Non si può certo difendere un regime che, come accade, ordina ai suoi
sgherri di sparare su una folla di monaci indifesi. La Birmania, o Myanmar
(secondo l’attuale denominazione) è un paese privo di libertà, almeno nel
senso in cui la intendono le organizzazioni internazionali votate a
promuovere i valori dell’Occidente.
Ma per liberarsi, una volta per sempre, dei militari, unica istituzione
sociale esistente insieme alla “chiesa buddista”, sarebbe necessaria una
struttura sociale alternativa, che attualmente non esiste.
Che cosa vogliamo dire? Che le rivoluzioni democratiche e liberali implicano
la presenza di un ceto borghese e di una società civile: due fattori sociali
che in Birmania praticamente non esistono. Pertanto la caduta di un pessimo
regime militare, favorirebbe quei gruppi di pretoriani più favorevoli a una
specie di democrazia controllata, ma sempre reversibile.
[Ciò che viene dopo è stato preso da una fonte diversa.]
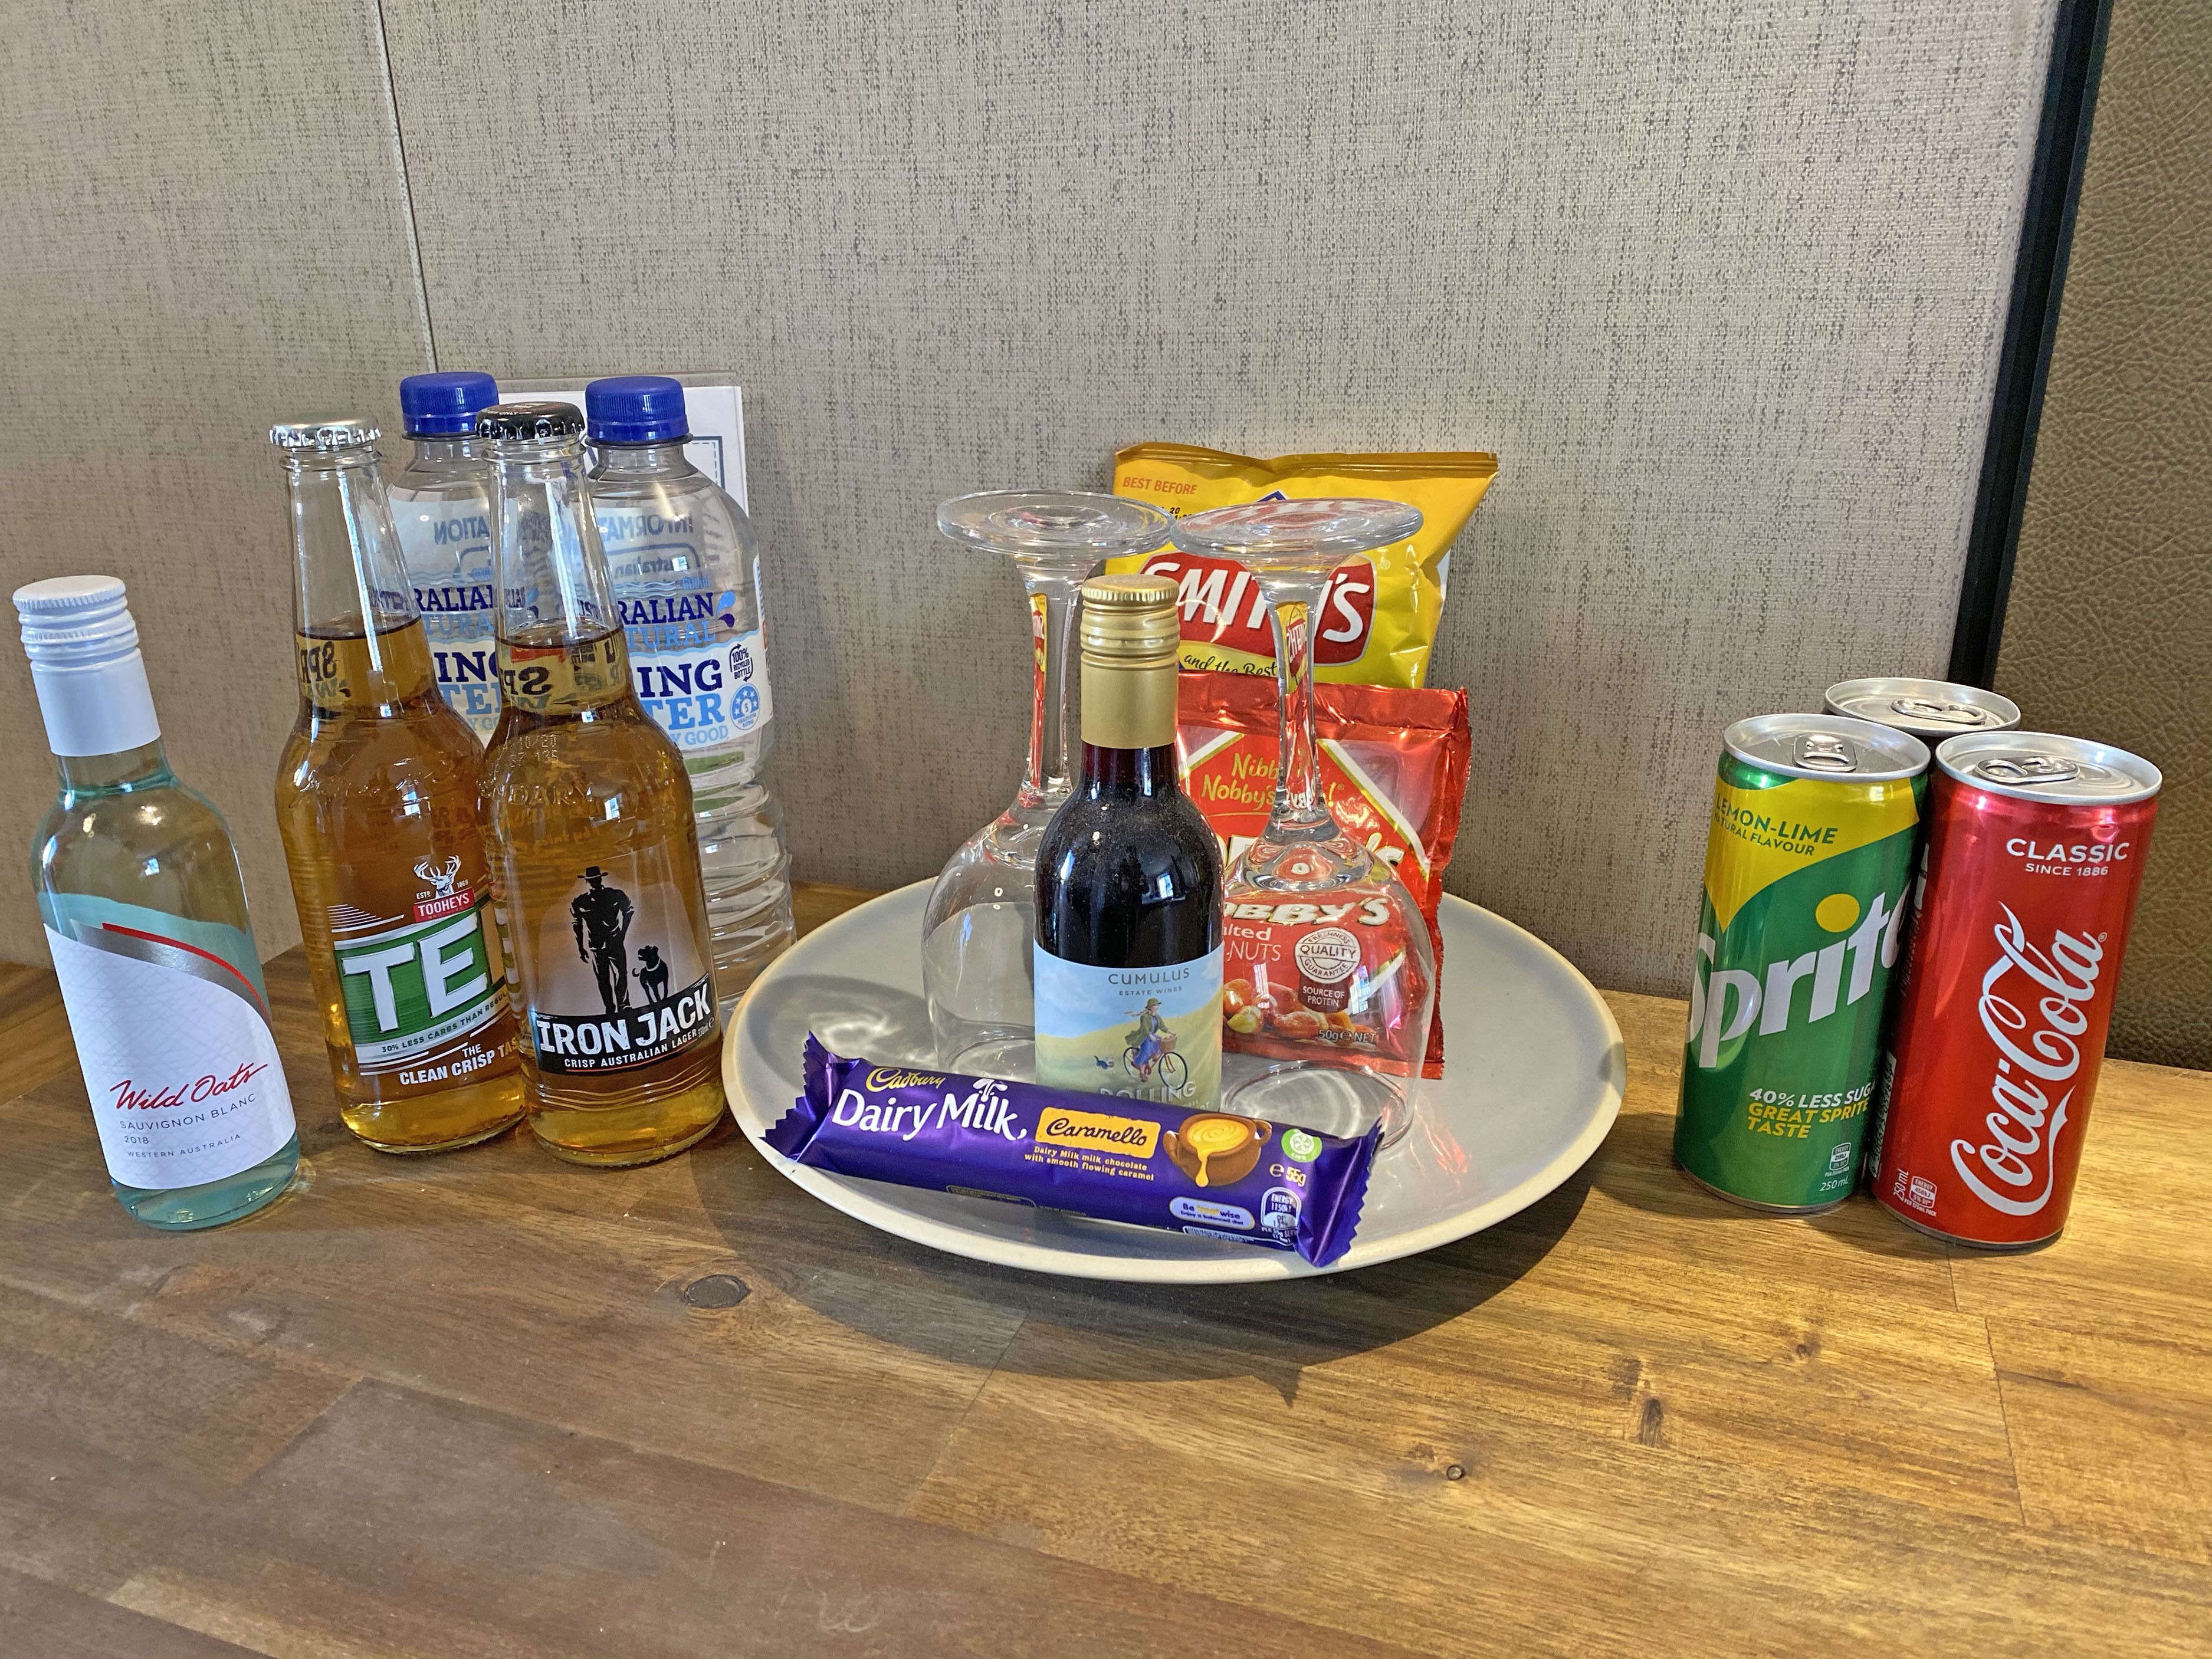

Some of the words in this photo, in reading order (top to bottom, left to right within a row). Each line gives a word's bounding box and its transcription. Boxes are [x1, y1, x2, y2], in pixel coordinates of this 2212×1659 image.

Qualche dato a conforto nelle nostre tesi (rinvenibile in qualsiasi buona
enciclopedia aggiornata): il 75 % della popolazione birmana (circa 45
milioni di abitanti) vive di agricoltura; reddito e tasso di sviluppo umano
sono tra i più bassi del mondo; il ceto commerciale è costituito da non
birmani ( i birmani sono il 69% della popolazione): cinesi, pakistani,
tailandesi e indiani. Quanto alla sfruttamento delle risorse naturali (di
cui il paese sembra apparentemente ricco) è in crescita l’estrazione del
petrolio e la produzione di gas naturali. Si tratta di settori controllati
in larga misura dallo stato, che nel caso di privatizzazioni post-regime
militare finirebbero in mani straniere, con la stessa complicità delle
famiglie di militari, riciclatasi, come di regola avviene, alle attività
civili. Dal momento che la famiglia allargata, in senso patriarcale, sembra
sia l’unica struttura sociale tra quelle militari e religiose da una parte,
e una popolazione dispersa in villaggi rurali dall'altra. I Birmani sono al
90% buddisti (la cui etica sociale, dunque, non è precisamente in linea con
i valori individualistici e competitivi dell’Occidente). Inoltre ai suoi
confini politici (con Bangladesh, India, Cina, Laos e Thailandia) vivono
differenti etnie ( tra le maggiori: Kachin, Karen, nonché i cosiddetti
gruppi delle pianure, Shan ), che in una situazione di caos politico,
potrebbero trasformarsi in poteri “centrifughi” (o comunque in grado di
imporre rinegoziazioni). Anche perché nella parte orientale, in
corrispondenza del “triangolo d’oro”, è attivo un settore economicamente
forte e collegato alla criminalità internazionale, come quello della
coltivazione dell’ oppio.
Insomma, la caduta di quel che moralmente ripugna (una spietata dittatura
militare), potrebbe condurre soltanto a una democrazia puramente formale,
sempre controllata dai militari (magari da lontano), e dagli importatori di
petrolio, gas naturale e oppio (tramite alcune grandi famiglie locali,
sempre legate ai militari).
La nostra, ovviamente, non è un’analisi da studiosi di questioni
internazionali. Cerchiamo solo di dimostrare sul piano sociologico, che
senza prerequisiti e profonde trasformazioni sociali e culturali (che
richiedono decenni se non secoli), l’introduzione della democrazia formale,
non può portare nell'immediato, alcun vantaggio sostanziale a popoli non
occidentali, come quello birmano. Anche la totale apertura al turismo
occidentale, finirebbe per essere gestita - vista l’assenza di una
imprenditoria birmana - da stranieri, e in particolare da grandi società
occidentali. Con tutto quel che seguirebbe dal punto di vista di un’economia
satellite, nell’ambito della disgregazione sociale e dello sviluppo di
fenomeni come prostituzione, gioco d’azzardo, vendita e consumo di droghe. E
una volta avviato uno sviluppo di tipo coloniale (seppure di tipo
"postmoderno"), è difficile invertirne la rotta sul piano delle strutture
sociali, perché i poteri si ricompongono e solidificano, fino a diventare
impermeabili a qualsiasi riforma democratica basata sulla persuasione e la
non violenza. Il che, di regola, provoca la nascita di un contropotere
militare, lo scoppio di guerre civili, e la formazione di nuove élite
militari "rivoluzionarie", che a loro volta, appena giunte al potere, si
solidificano in caste, e così via.
In conclusione, cacciare i militari, in assenza di alternative sociali,
paradossalmente, può rendere il popolo birmano, formalmente più libero, ma
sostanzialmente ancora più povero e disperato.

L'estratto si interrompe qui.